Genomics-optimized Sequence Typing of Listeria monocytogenes Isolates

Listeria monocytogenes is an important foodborne pathogen and persistent contaminant in many food processing facilities. Strain typing is critical to detecting and investigating outbreaks, and can be used to track down sources of contamination. Available typing systems have limitations ranging from low resolution and data portability to high cost and technical complexity. The aim of this study was to develop an outsourcing option for L. monocytogenes strain typing that addresses these limitations. The NCBI Genomes database representing 109 strains was screened for informative, tandem repeat-containing loci. The most promising, LmMT1, encoded an internalin-like protein with Pro-Val-Asp repeats.

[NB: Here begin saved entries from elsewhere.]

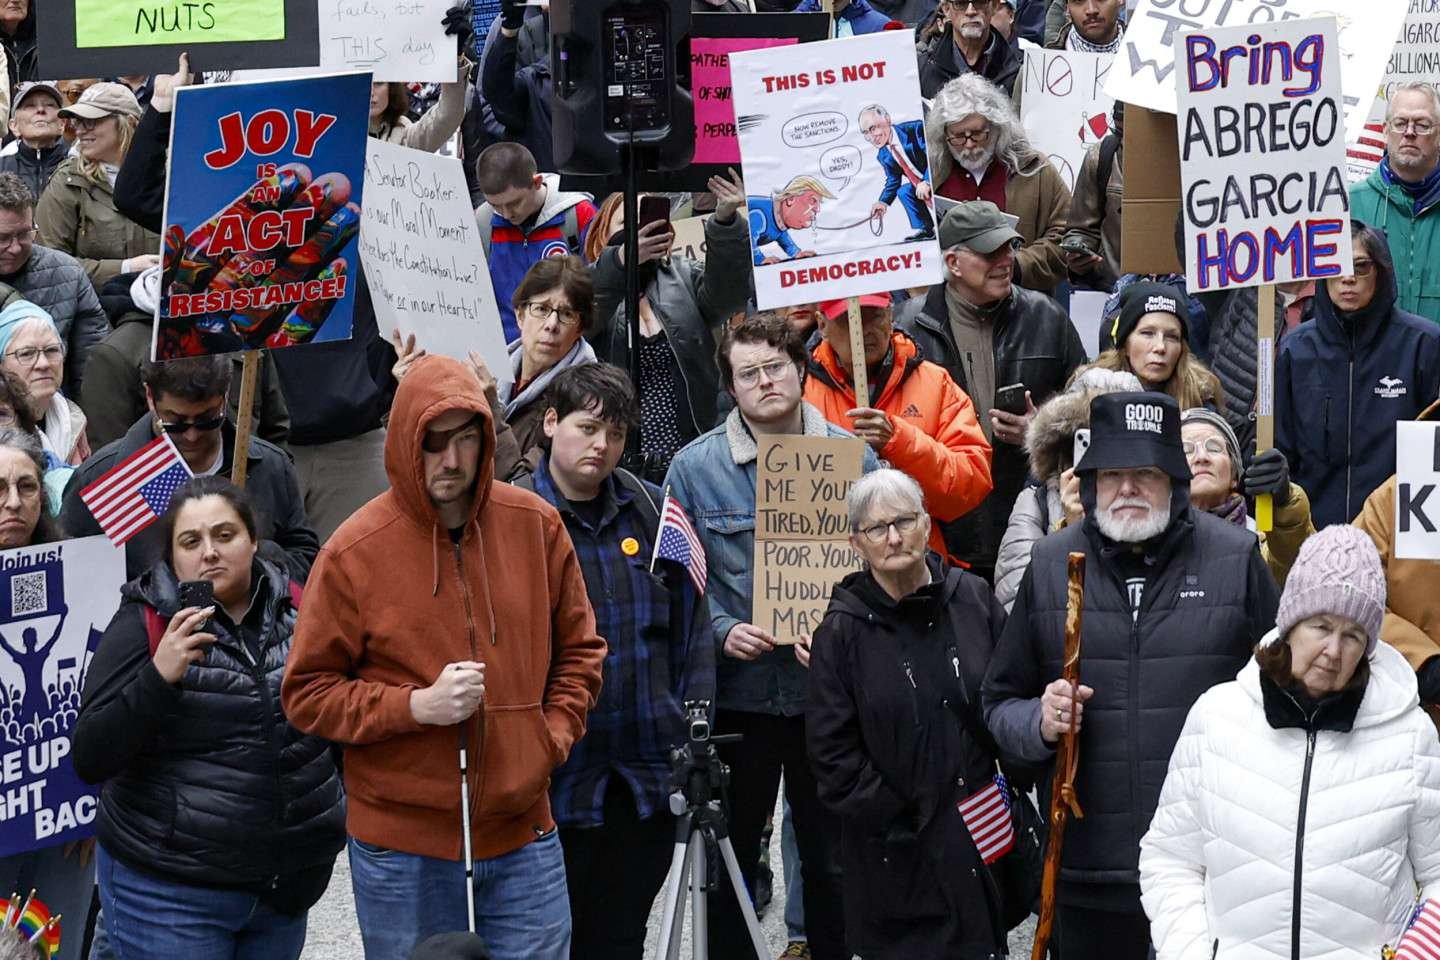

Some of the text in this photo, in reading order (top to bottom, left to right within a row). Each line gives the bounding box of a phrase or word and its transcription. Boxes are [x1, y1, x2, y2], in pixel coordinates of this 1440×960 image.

[135, 3, 216, 35] NUTS
[762, 61, 887, 93] THIS IS NOT
[1186, 33, 1324, 98] Bring
[203, 108, 338, 170] JOY
[1182, 97, 1338, 161] ABREGO
[256, 162, 278, 179] IS
[251, 186, 281, 204] AN
[1186, 166, 1349, 228] GARCIA
[207, 206, 315, 257] ACT
[250, 259, 277, 276] OF
[780, 251, 923, 289] DEMOCRACY!
[1196, 219, 1345, 289] HOME
[170, 276, 347, 318] RESISTANCE!
[1125, 404, 1163, 422] GOOD
[764, 443, 834, 472] GIVE
[765, 478, 795, 502] ME
[34, 544, 63, 564] us!
[1180, 590, 1204, 598] ororo
[28, 736, 71, 774] UP
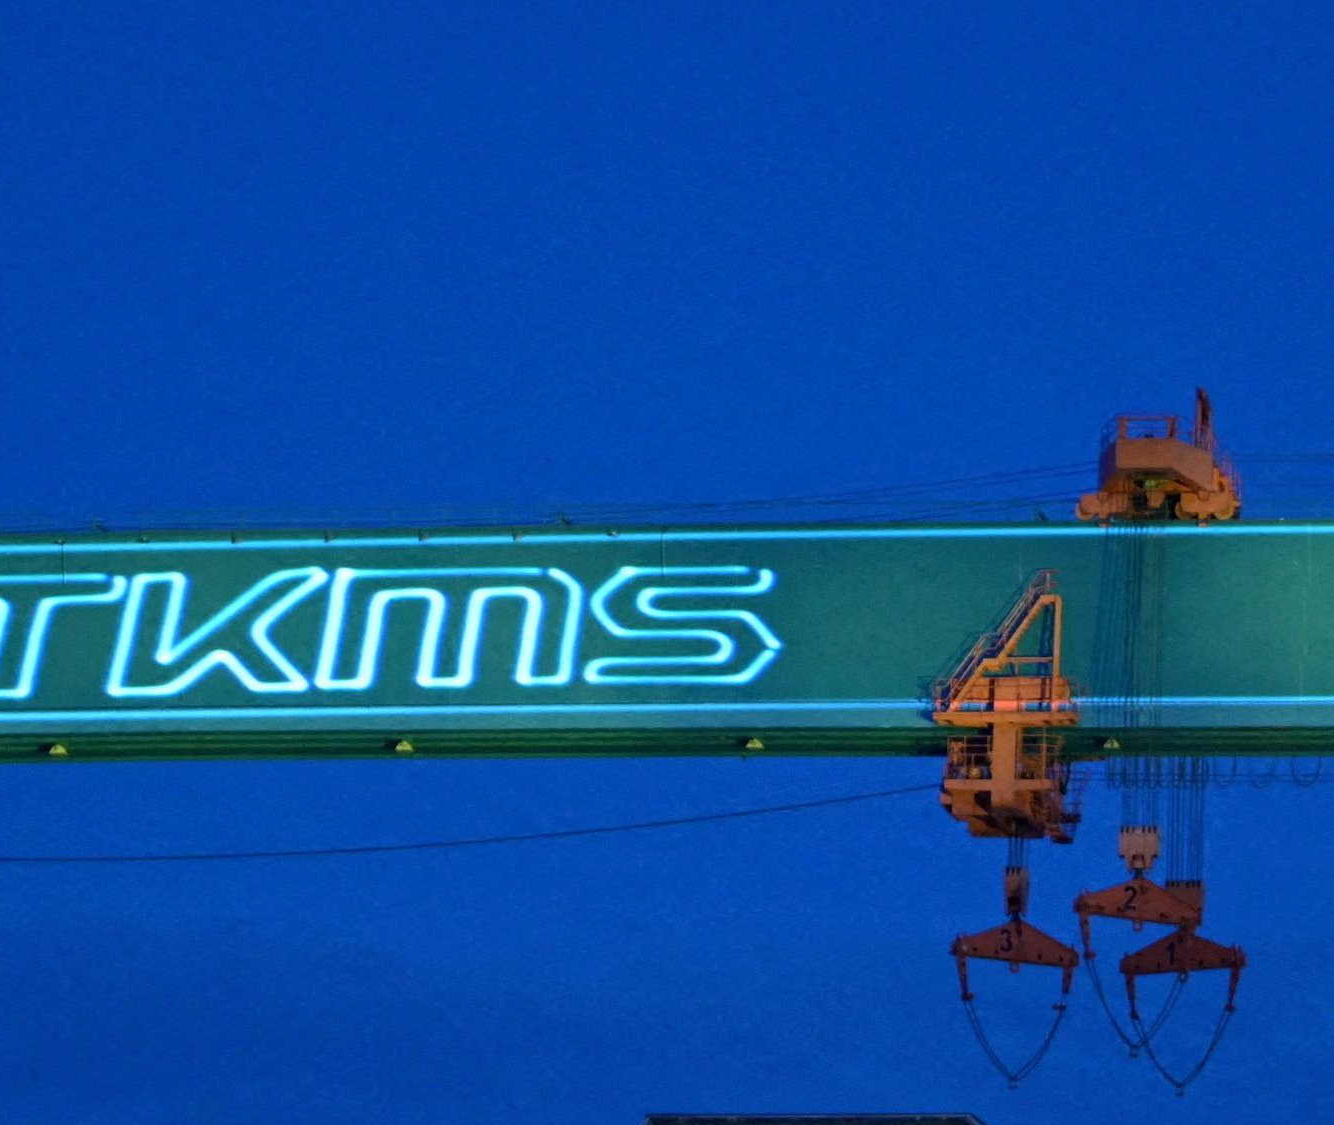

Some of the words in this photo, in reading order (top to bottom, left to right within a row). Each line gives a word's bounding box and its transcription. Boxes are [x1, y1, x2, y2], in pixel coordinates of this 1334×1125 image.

[1123, 885, 1138, 911] 2
[999, 928, 1013, 953] 3
[1166, 941, 1176, 966] 1
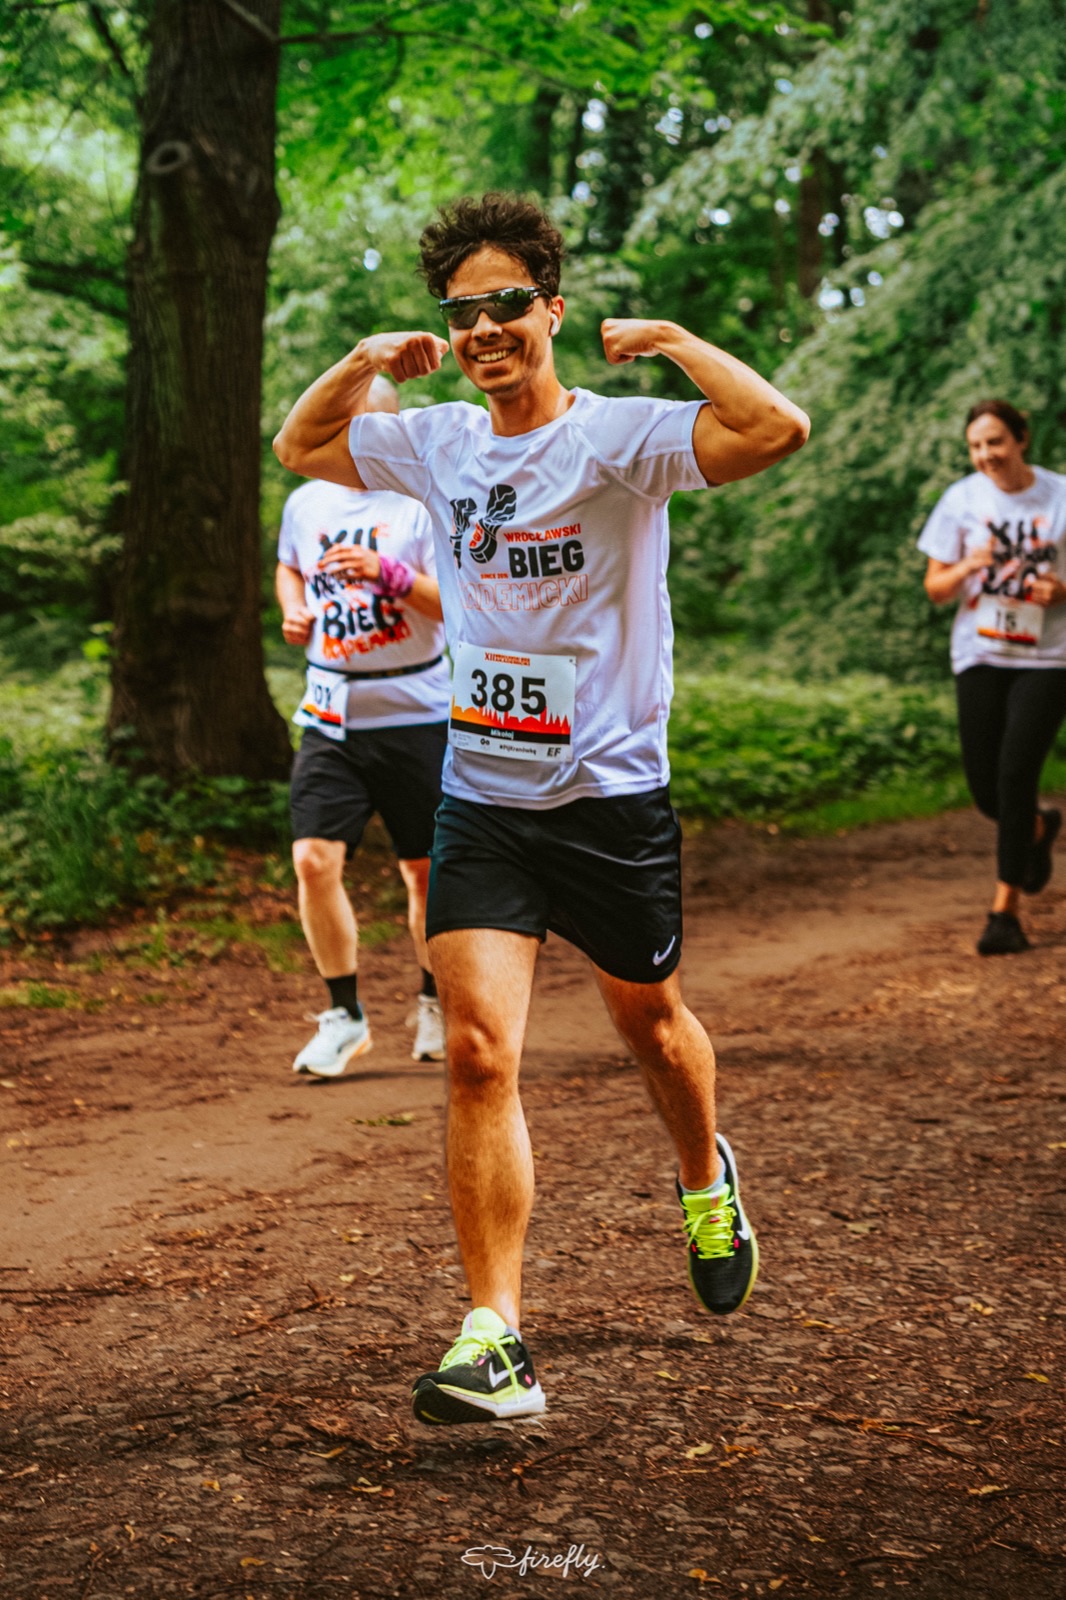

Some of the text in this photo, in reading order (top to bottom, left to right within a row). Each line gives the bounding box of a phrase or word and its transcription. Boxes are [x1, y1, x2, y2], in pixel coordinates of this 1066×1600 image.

[503, 523, 582, 543] WROCŁAWSKI
[508, 539, 585, 579] BIEG
[470, 668, 547, 716] 385
[546, 747, 562, 758] EF
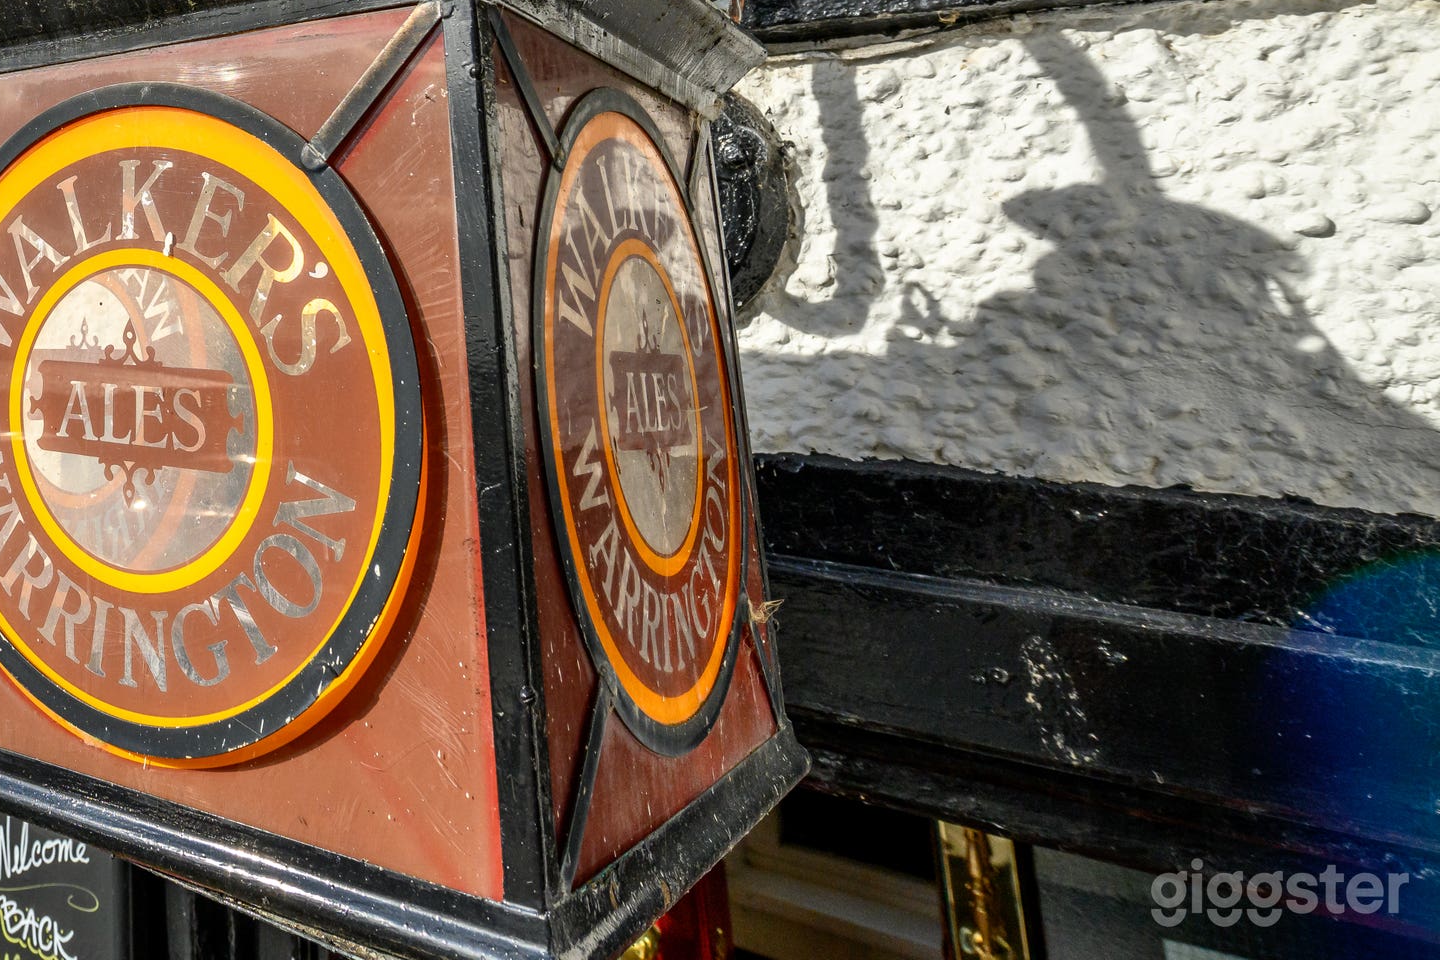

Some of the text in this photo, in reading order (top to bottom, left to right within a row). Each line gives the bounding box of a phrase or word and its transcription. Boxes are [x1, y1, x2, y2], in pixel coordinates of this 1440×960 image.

[55, 380, 207, 453] ALES
[624, 370, 683, 435] ALES
[572, 417, 726, 672] WARRINGTON

It exhibited a complex pattern of polymorphism (insertions/deletions and SNPs), and was present in all L. monocytogenes (and Listeria innocua) database strains. The repeat region within this locus was previously validated as typing target in studies examining length polymorphism alone (diversity index 0.87-0.93); its information content was significantly enhanced by sequence analysis (diversity index 0.99). Phylogenetic analysis of LmMT1 sequences generated distinct clusters corresponding to serotype (4b, 1/2a, and 4a complexes) and evolutionary lineage (I-IV). Comparisons to PFGE, the current gold standard, suggests that LmMT1 typing is comparably discriminatory. Importantly, strains from four outbreaks formed corresponding clusters, although those from a 2002 outbreak were resolved into related environmental and food/human isolates that challenges their epidemiological connection. In the laboratory, LmMT1 typing proved to be robust, generating high quality sequence from colonies submitted as non-hazardous heat-inactivated suspensions. Phylogenetic analysis of these sequences from 62 diverse strains demonstrated overall agreement between LmMT1 and SNP-based typing.